Dalam penilaian Feng Kong Li, lawannya itu cukup tangguh untuk melayaninya hingga terik matahari sanggup membuat kulit kepala. Namun, dia benar-benar tidak menduga sama sekali bahwa lawannya begitu ringan menyapu segala kelebihan pengawal kademangan. Meski demikian, dia tidak sempat merenungi kemampuan lawannya. Sekejap kemudian, Feng Kong Li menerjang lalu melibat Ki Wanasinga dalam perkelahian yang seru.

Tanpa mereka sadari, sepasang mata sedang mengawasi perkelahian yang terjadi, lalu bertepuk tangan perlahan sambil melangkah turun dari pendapa.

“Baguslah, kalian telah saling berkenalan dengan cara yang cukup aneh,” kata lelaki sambil menapaki anak tangga satu demi satu.
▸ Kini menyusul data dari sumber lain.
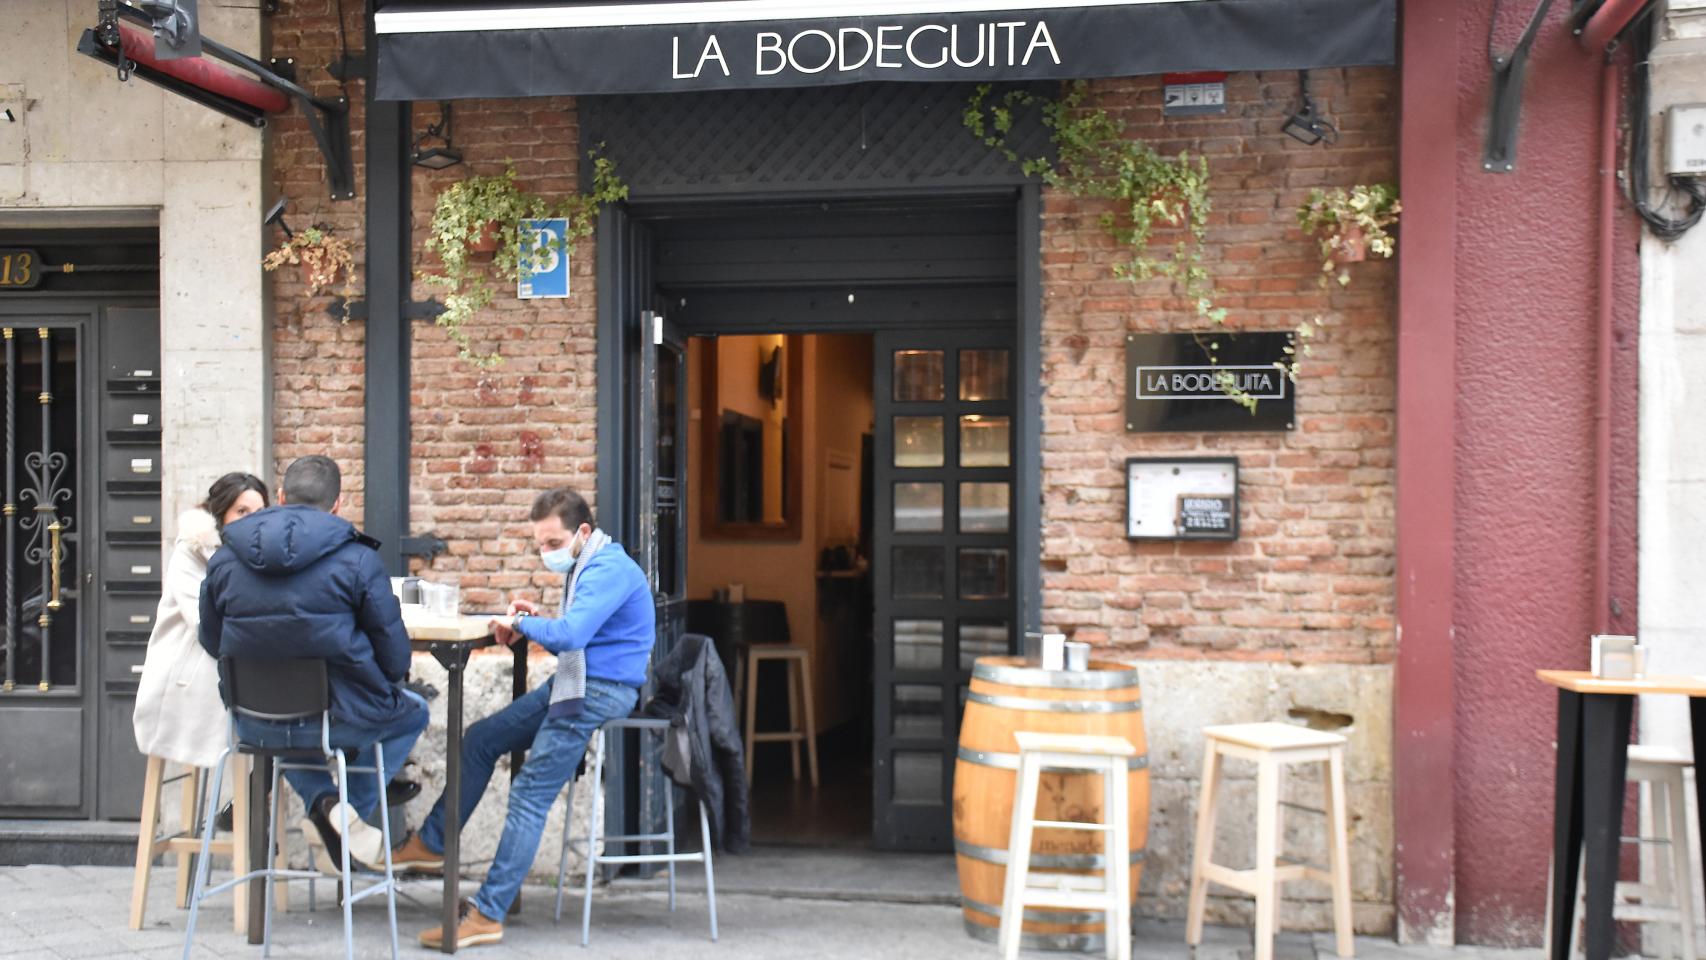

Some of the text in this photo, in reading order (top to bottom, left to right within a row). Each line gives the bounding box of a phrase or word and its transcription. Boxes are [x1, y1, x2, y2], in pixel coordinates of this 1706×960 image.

[672, 20, 1061, 79] LA BODEGUITA
[0, 253, 32, 285] 13
[1147, 373, 1273, 392] LA BODEUITA
Seketika Feng Kong Li dan Ki Wanasinga melompat surut kemudian memandang lelaki itu.

“Ki Juru Manyuran!” seru Feng Kong Li. Lantas dia mendekati Ki Juru Manyuran dan segera diikuti oleh anak-anak muda.  Kemudian mereka berjalan di belakang Ki Juru Manyuran bersama Ki Marta.

loading...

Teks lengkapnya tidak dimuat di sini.